Trabalhadores vão às ruas pelo fim da escala 6×1 no Dia do Trabalhador

Trabalhadores, aposentados, estudantes e ativistas participaram de manifestações em diversas cidades do país nesta sexta-feira (1º), feriado do Dia Internacional do Trabalhador. Entre as principais reivindicações esteve o fim da escala 6×1 — seis dias de trabalho para um de descanso — sem redução de salários.

Em Brasília, o ato foi realizado no Eixão do Lazer, na Asa Sul, e reuniu participantes ligados a centrais sindicais e movimentos sociais. A mobilização fez parte do ato unificado do 1º de Maio da Classe Trabalhadora, organizado por sete centrais sindicais do Distrito Federal, com programação que incluiu atividades culturais e discursos.

Segundo os organizadores, a redução da jornada de trabalho não prejudica a economia e pode aumentar a produtividade. Para o presidente da Central Única dos Trabalhadores no Distrito Federal (CUT-DF), Rodrigo Rodrigues, o descanso adequado é uma necessidade básica. “O descanso é uma necessidade humana. Apenas um dia não é suficiente e gera desgaste. Reduzir a jornada é uma questão de justiça social e também uma medida inteligente para as empresas, porque pode aumentar a produtividade”, disse.

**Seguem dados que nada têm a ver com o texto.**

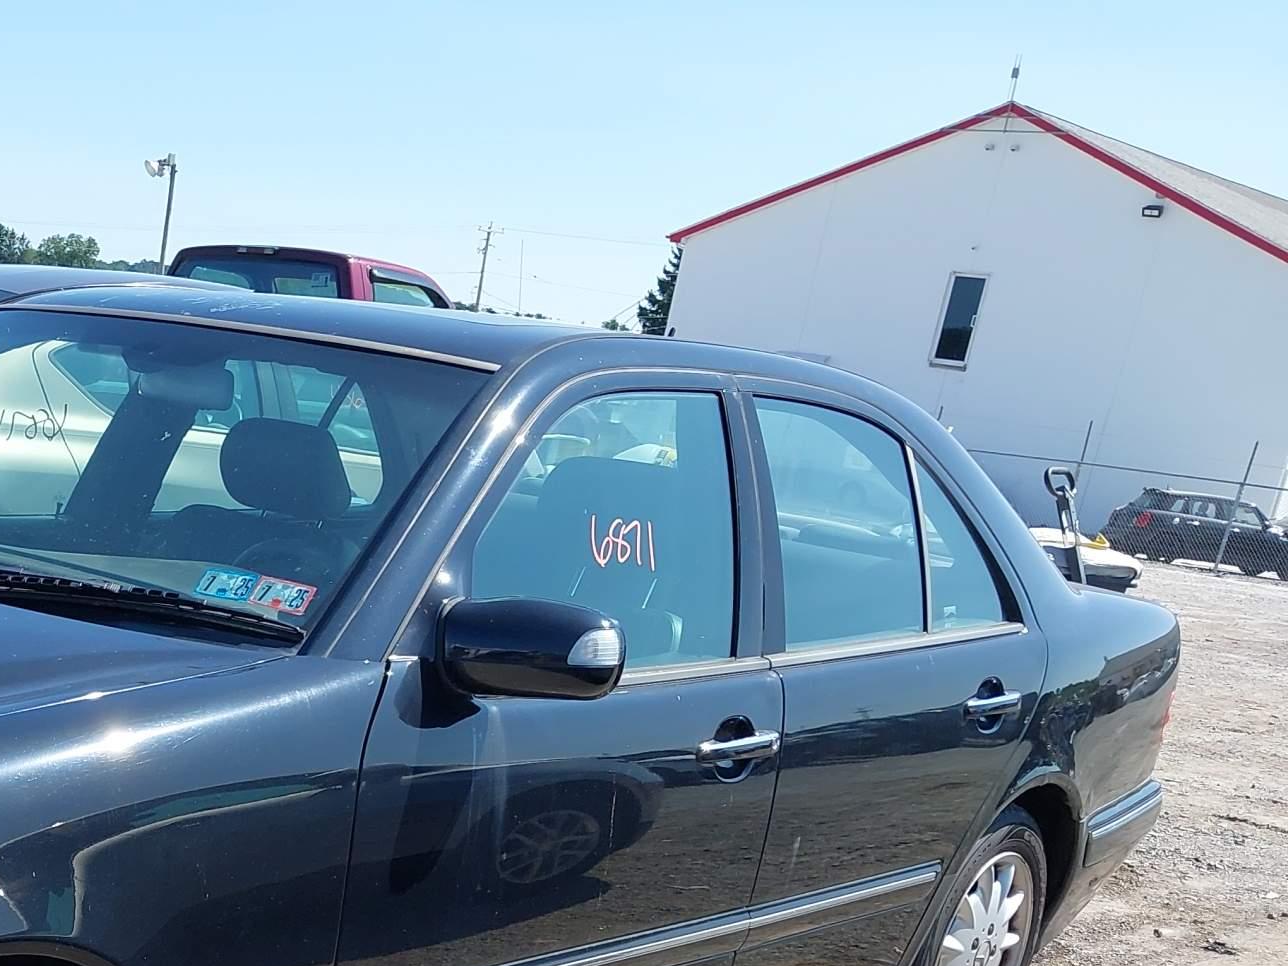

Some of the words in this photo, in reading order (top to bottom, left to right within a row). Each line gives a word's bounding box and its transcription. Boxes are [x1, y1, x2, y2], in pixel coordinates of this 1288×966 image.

[591, 514, 656, 572] 6871
[233, 577, 254, 596] 25
[287, 588, 310, 609] 25

A empregada doméstica Cleide Gomes, de 59 anos, esteve no local acompanhada do neto, da nora e da mãe, de 80 anos. Ela relatou dificuldades enfrentadas por trabalhadores e cobrou mais informação sobre direitos trabalhistas. “Conheço pessoas que estão trabalhando hoje porque o patrão diz que não é feriado, mas ponto facultativo. Elas não vão receber hora extra porque não sabem dos seus direitos”, afirmou.

Cleide também relembrou períodos em que trabalhou sem carteira assinada, como feirante e auxiliar de serviços gerais, e destacou irregularidades que ainda atingem profissionais da área.